Provide Persistent volume for caching
While migrating our operation from CircleCi to a self hosted Tekton pipeline we are struggling to optimize testing pipelines.
We use jest and one of the ways to speed things up is using persistent cache, can we provide suport for persistent storage? If not native there is a solution for this issue?
We want to be able to manage cache for:
- jest
- yarn
- webpack
@caiocampoos You can get a persistent cache setup using workspaces (https://tekton.dev/docs/pipelines/workspaces/) and a good enough Kubernetes Storage class for exampe.
@GijsvanDulmen Reading the docs my understandig was with workspaces where always wiped when a pipeline finishes.
@GijsvanDulmen you are correct. Ill try workspaces. Thanks.
Thanks, @caiocampoos and @GijsvanDulmen. Workspaces are indeed an option for this.
Tekton does not provide any inbuilt mechanism for caches specifically, it's something that the Tasks that create and consume the cache have to manage directly through reusable workspaces.

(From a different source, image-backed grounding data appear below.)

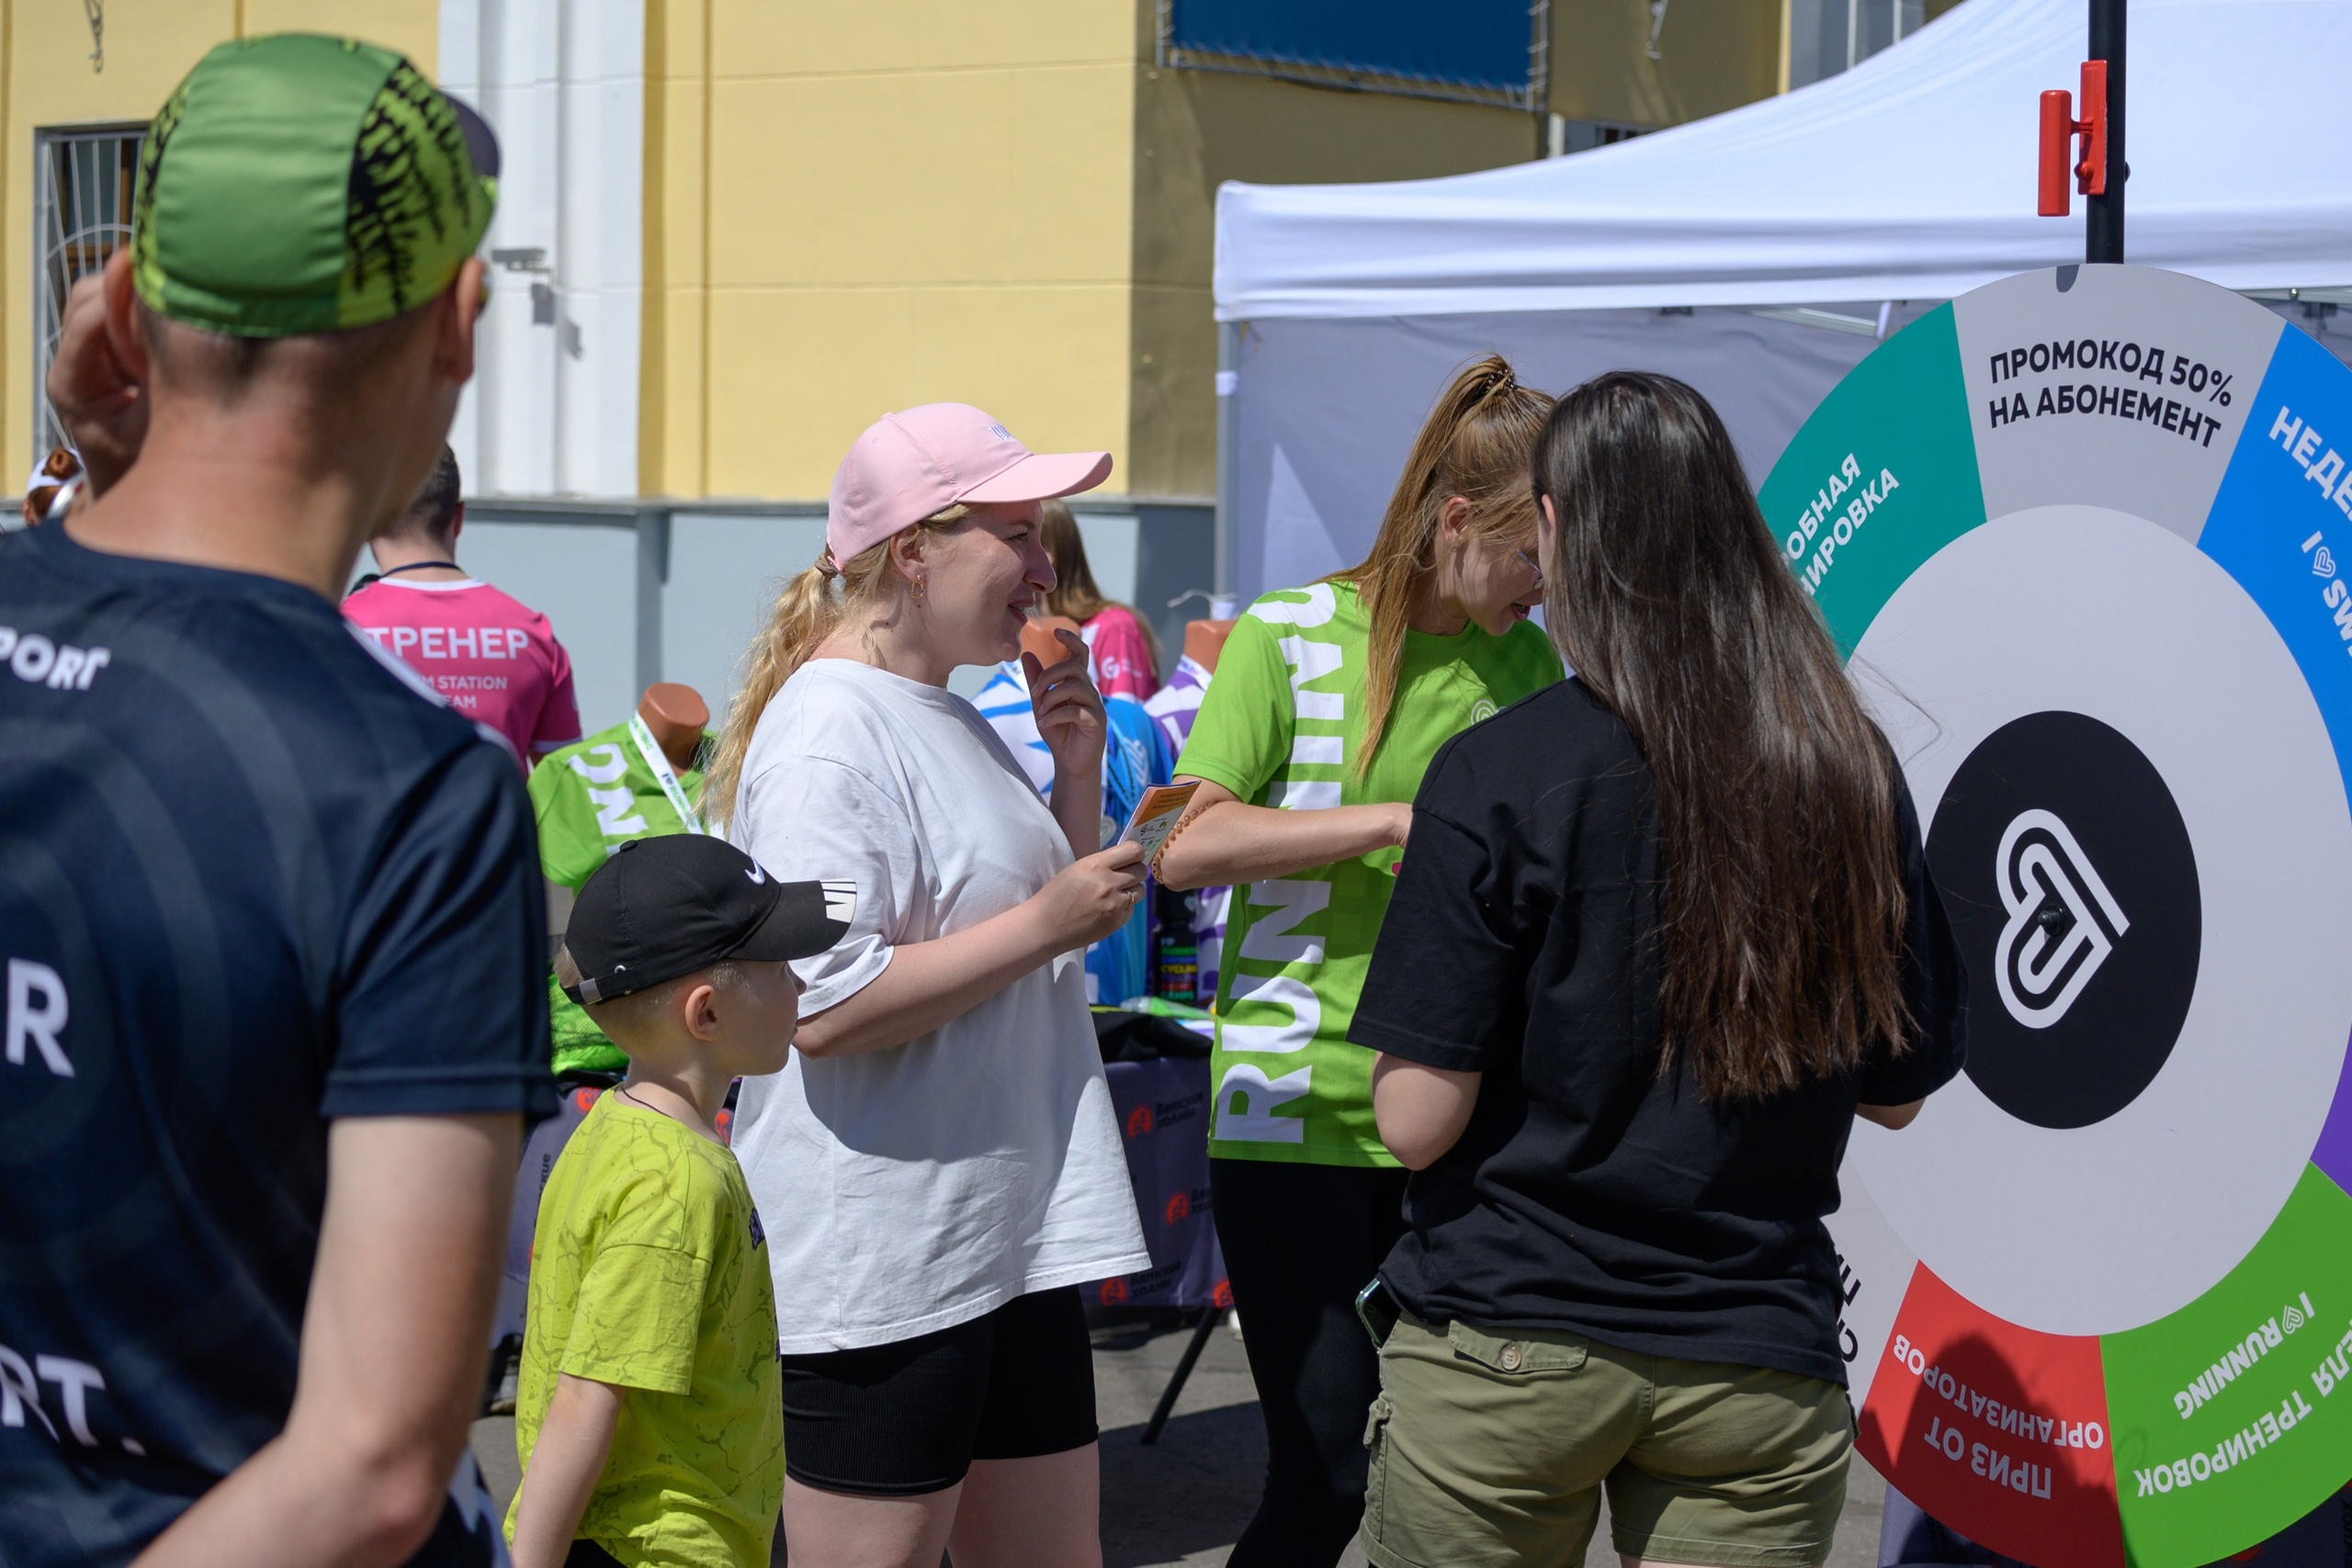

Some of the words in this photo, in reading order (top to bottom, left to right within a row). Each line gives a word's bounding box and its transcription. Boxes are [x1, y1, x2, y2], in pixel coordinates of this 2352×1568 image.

[1990, 339, 2165, 385] ПРОМОКОД
[2169, 355, 2233, 407] 50%
[1989, 392, 2030, 429] НА
[2035, 384, 2222, 448] АБОНЕМЕНТ
[2268, 405, 2352, 523] НЕДЕ
[1781, 452, 1861, 567] ОБНАЯ
[1800, 468, 1900, 596] НИРОВКА
[363, 626, 530, 660] ТРЕНЕР
[438, 675, 507, 690] STATION
[447, 695, 477, 708] EAM
[1893, 1334, 2104, 1450] ОРГАНИЗАТОРОВ
[2173, 1316, 2284, 1420] RUNNING
[1924, 1416, 1965, 1461] ОТ
[1971, 1442, 2052, 1500] ПРИЗ
[2133, 1390, 2312, 1497] ТРЕНИРОВОК

We do provide support for optional workspaces so that you can write a Task that can benefit from a cache if it's available but also use it when the cache workspace is not available.
The newly introduced StepActions are a good option to define reusable steps that may produce and restore a cache for a specific tool - I think this would be great additions to the Tekton catalog.

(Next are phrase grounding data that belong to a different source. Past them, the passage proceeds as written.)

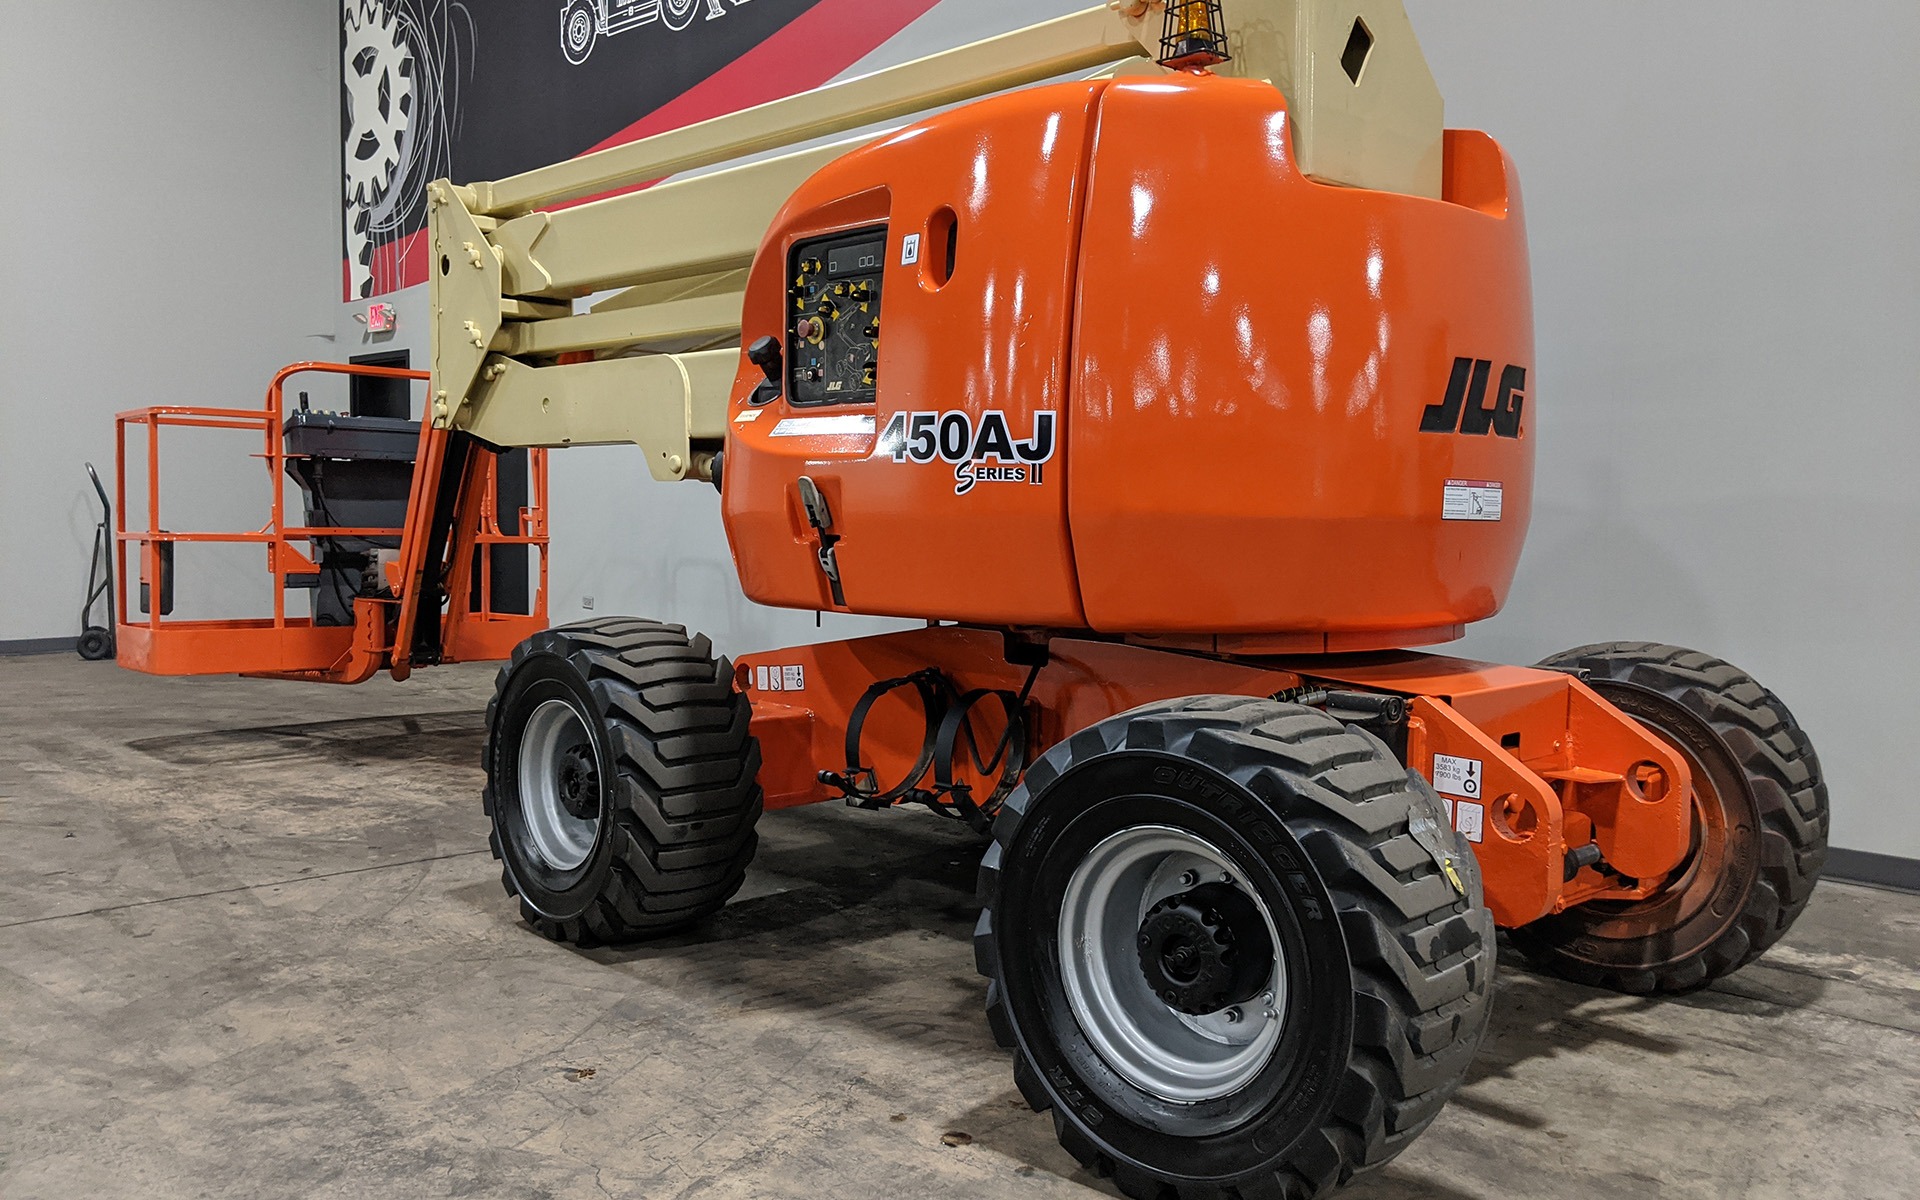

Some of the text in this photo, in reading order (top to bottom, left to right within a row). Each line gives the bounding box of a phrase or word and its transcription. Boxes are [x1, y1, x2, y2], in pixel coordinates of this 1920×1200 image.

[827, 381, 843, 391] JLG
[1419, 357, 1526, 439] JLG
[877, 411, 1057, 463] 450AJ
[1030, 462, 1044, 485] II
[1435, 763, 1461, 775] 3583 kg
[1441, 757, 1457, 765] MAX
[1435, 770, 1462, 782] 7900 lbs
[1152, 764, 1324, 921] OUTRIGGER

I'd be curious to hear about your experience with this, please let us know if you feel that Tekton could/should do more in this direction.

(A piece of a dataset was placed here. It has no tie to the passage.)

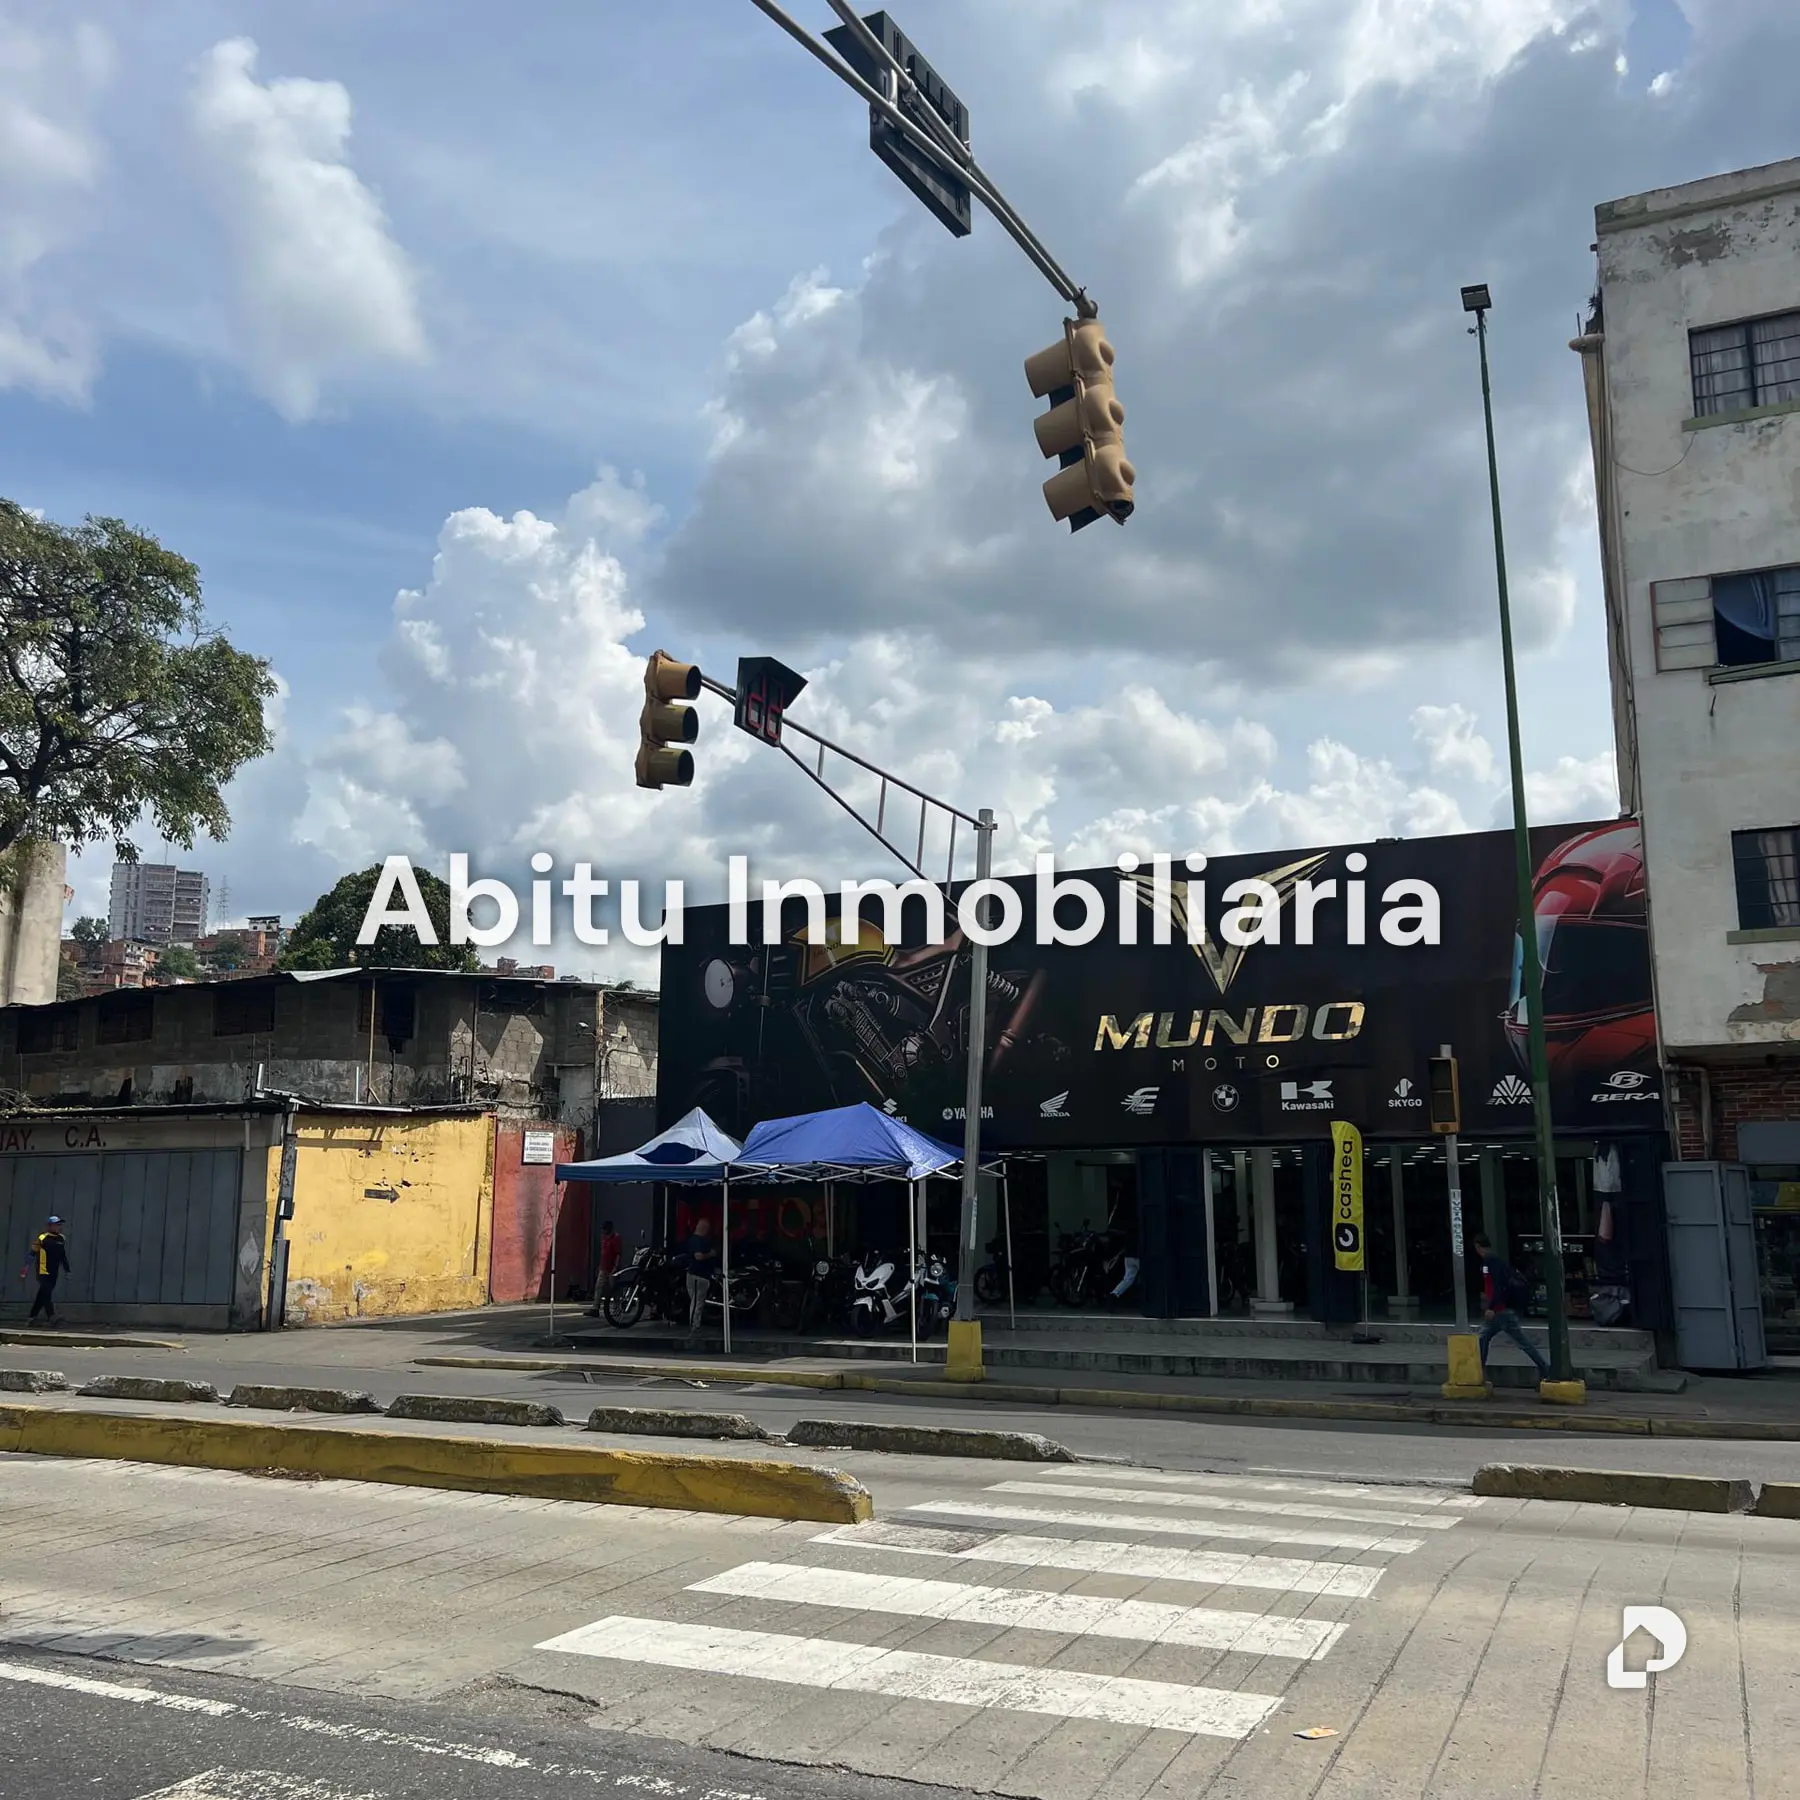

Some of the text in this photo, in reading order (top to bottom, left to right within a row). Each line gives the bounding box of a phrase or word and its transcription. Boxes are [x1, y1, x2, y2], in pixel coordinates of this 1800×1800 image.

@afrittoli thanks alot for the reply, i am having a hard time understanding the use of workspaces with persistentVolumeClaim at the moment.
Our usecase:
We have a pipeline of about 10k tests, so we need cache for dependencies and for Jest, witch is our test runner.
My current last try was:
apiVersion: triggers.tekton.dev/v1beta1
kind: TriggerTemplate
metadata:
name: tt-github-pr-trigger-template-
spec:
params:
- name: revision
- name: deploy
- name: repo-url
- name: author
- name: ref
- name: repo-full-name
- name: pr-ref
resourcetemplates:
- apiVersion: tekton.dev/v1beta1
kind: PipelineRun
metadata:
generateName: pr-$(tt.params.pr-ref)-$(tt.params.author)-
spec:
serviceAccountName: service-account-
pipelineRef:
name: pipeline
podTemplate:
securityContext:
fsGroup: 65532
workspaces:
- name: shared-data
persistentVolumeClaim:
claimName: pvc-cache
params:
- name: repo-url
value: $(tt.params.repo-url)
- name: revision
value: $(tt.params.revision)
- name: repo-full-name
value: $(tt.params.repo-full-name)
- name: ref
value: $(tt.params.ref)
- name: deploy
value: $(tt.params.deploy)
pipeline: (i omit a good chunk just for sake of simplicity')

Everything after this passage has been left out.